(Stored data)

# # # # # # #

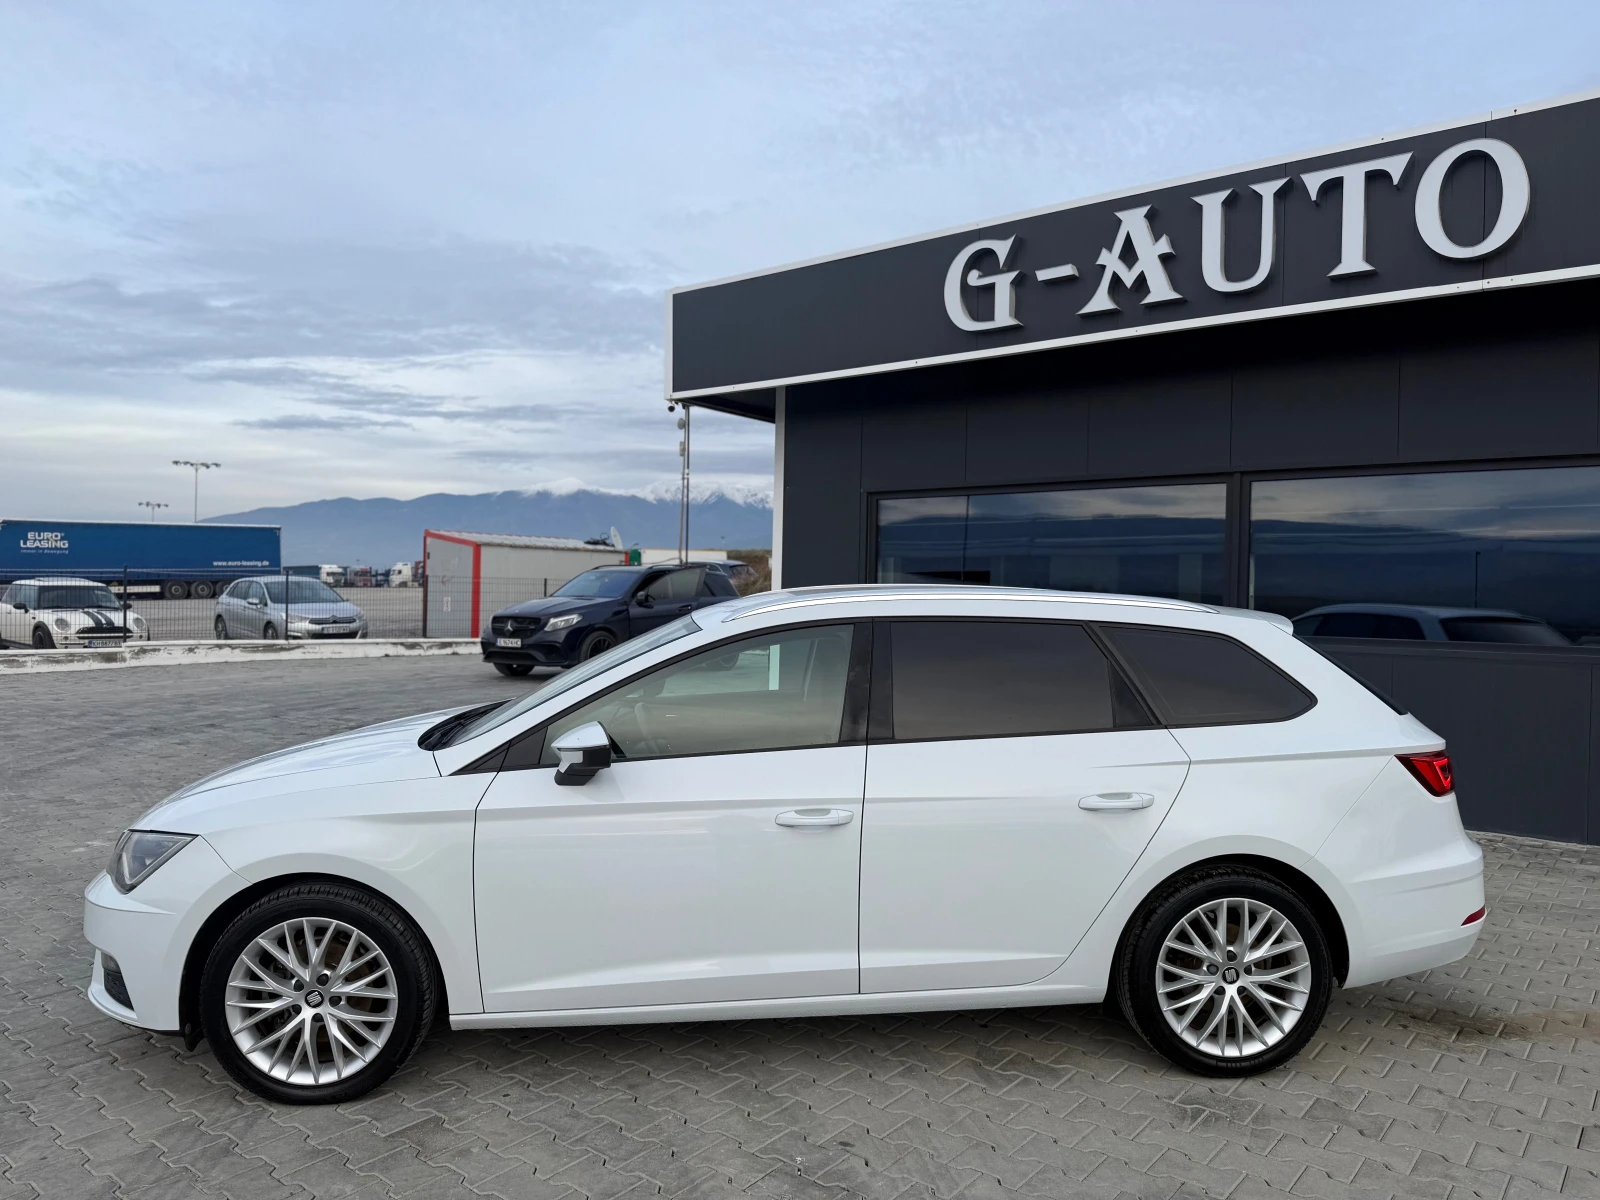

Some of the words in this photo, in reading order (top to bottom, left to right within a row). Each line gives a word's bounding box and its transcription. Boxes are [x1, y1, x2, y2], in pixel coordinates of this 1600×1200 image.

[943, 137, 1531, 332] G-AUTO
[28, 532, 61, 540] EURO
[20, 540, 69, 548] LEASING
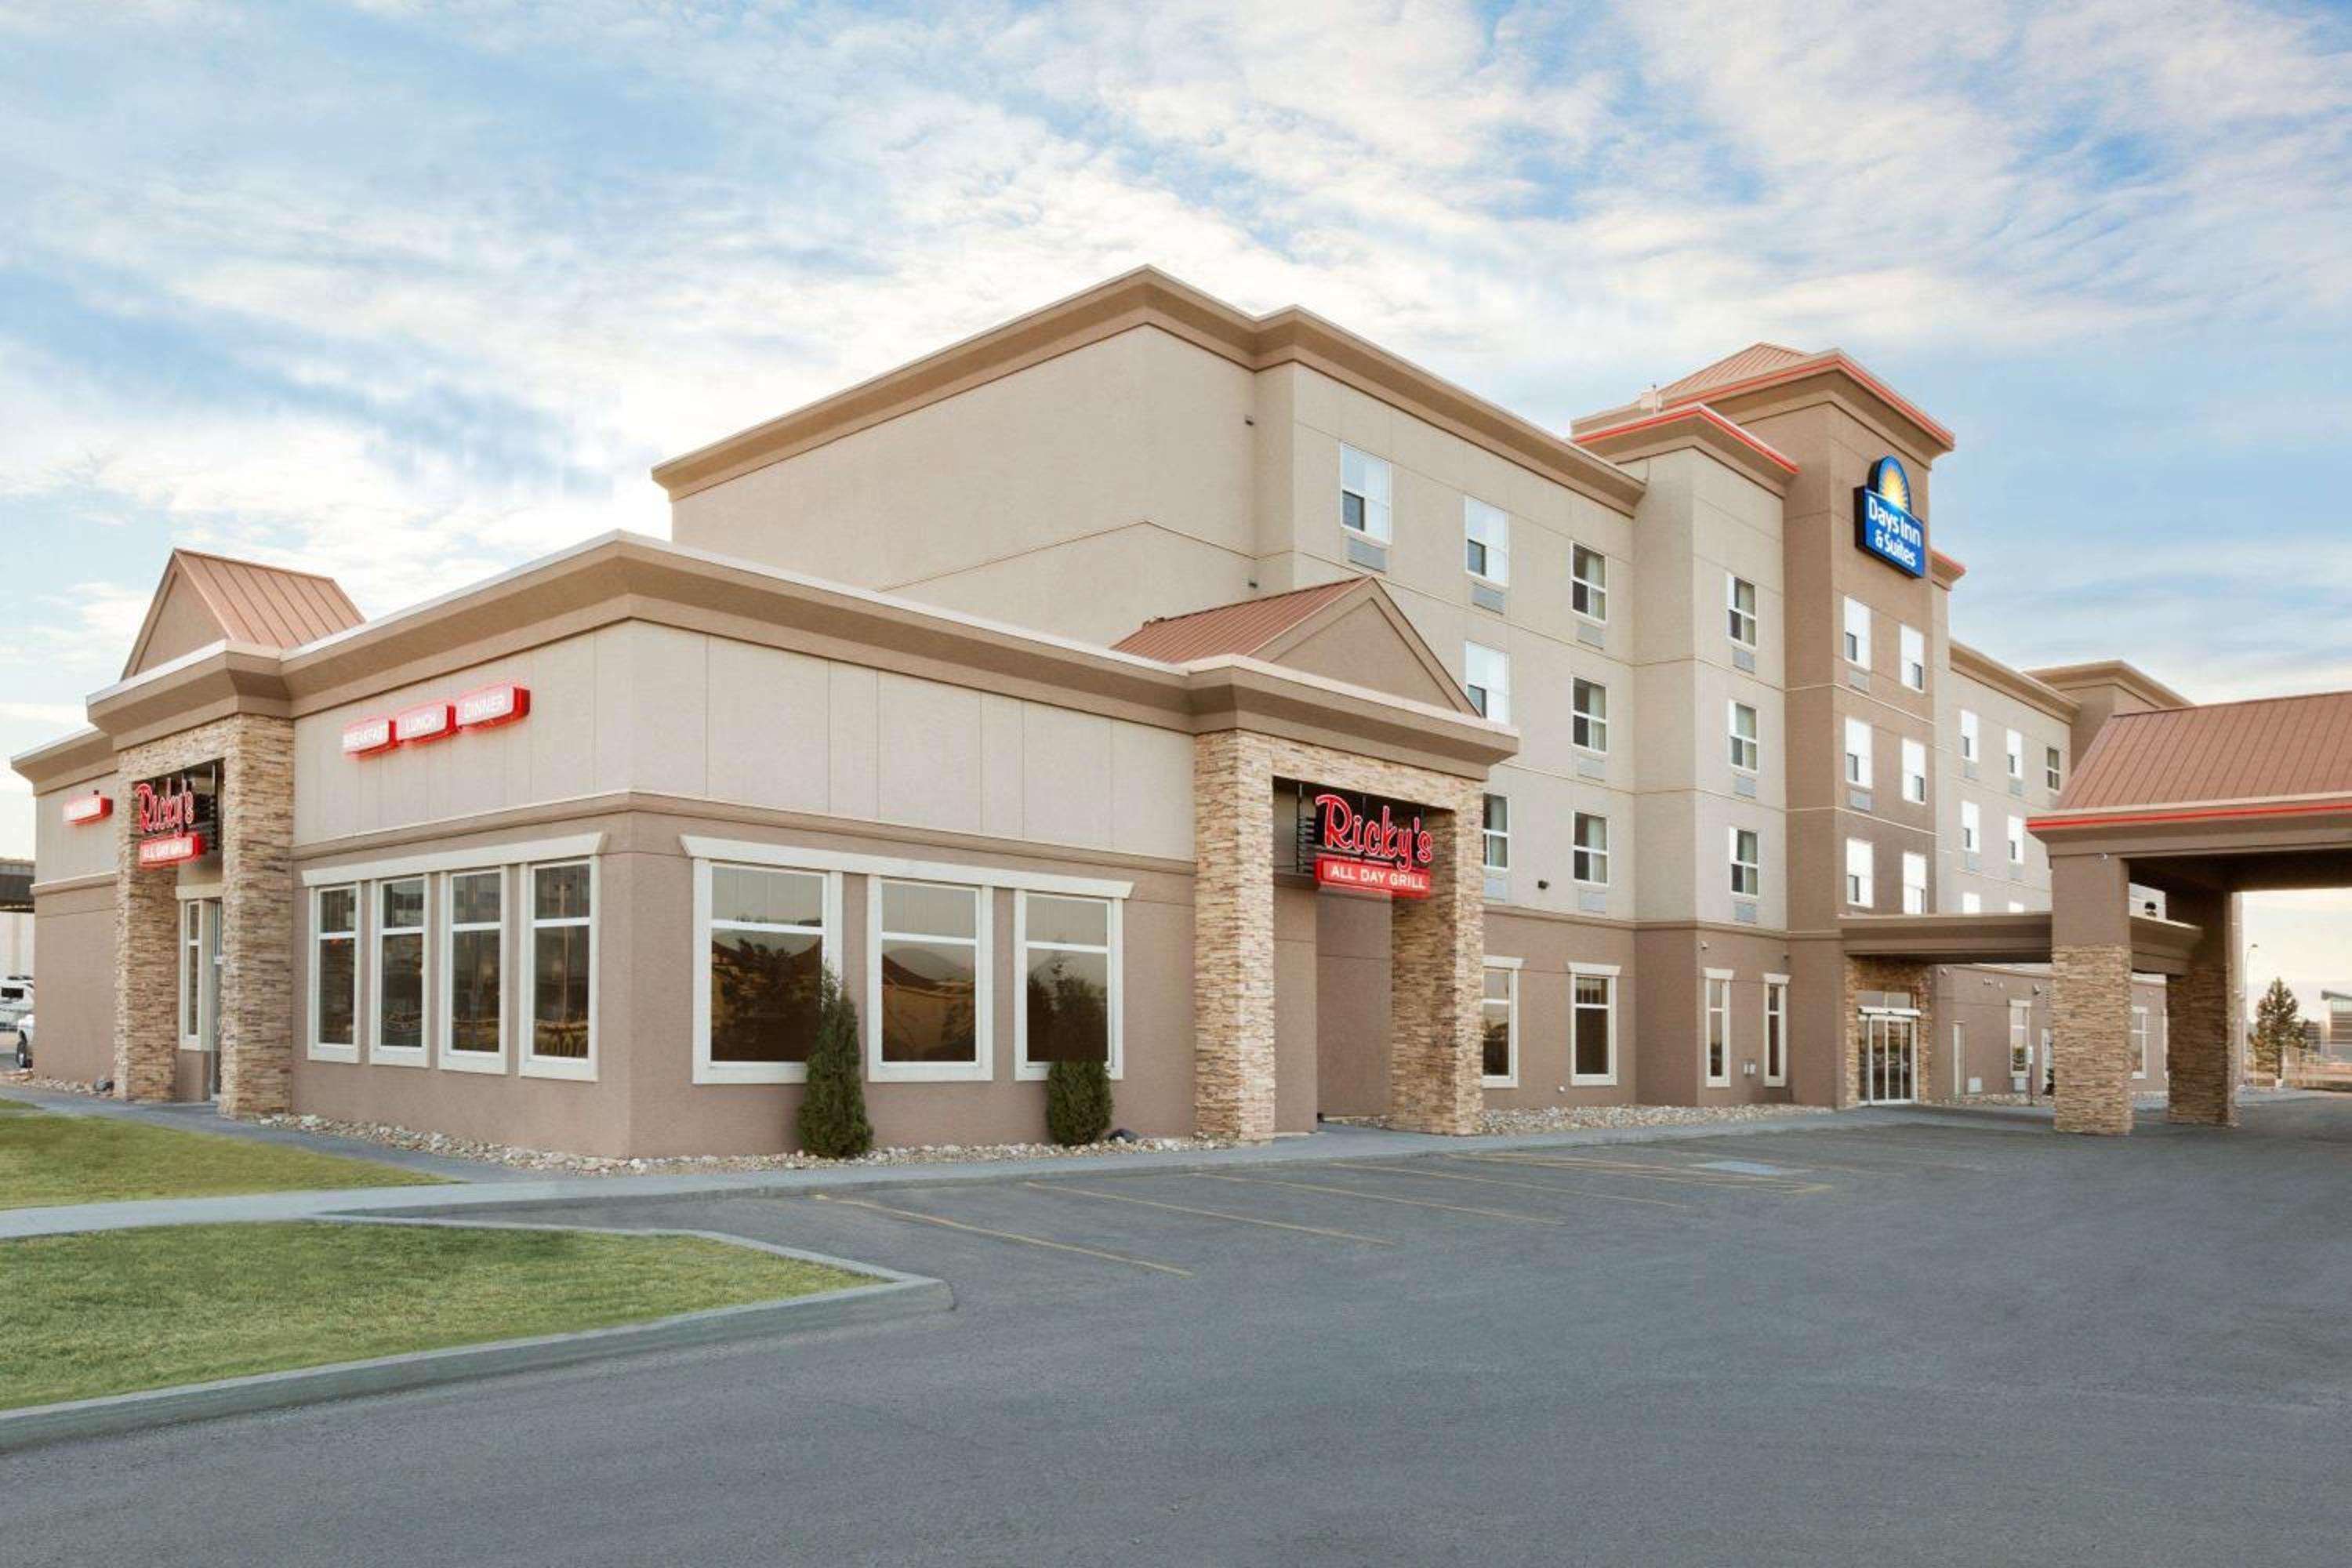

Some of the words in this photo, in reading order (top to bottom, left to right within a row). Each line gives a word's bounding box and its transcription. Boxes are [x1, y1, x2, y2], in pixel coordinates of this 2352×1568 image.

# # # # # # #

TASK TO COMPLETE – Although the records include pictures, output only their text, exactly and completely.

RESULT FOR THIS TASK –
Some of the words in this photo, in reading order (top to bottom, left to right within a row). Each line gives a word's bounding box and its transcription. Boxes are [x1, y1, x2, y2], in pixel coordinates of this 1600×1200 image.

[943, 137, 1531, 332] G-AUTO
[28, 532, 61, 540] EURO
[20, 540, 69, 548] LEASING

Some of the words in this photo, in reading order (top to bottom, left to right within a row). Each line gives a word's bounding box and its transcription. Boxes are [x1, y1, x2, y2], in pixel coordinates of this 2352×1568 image.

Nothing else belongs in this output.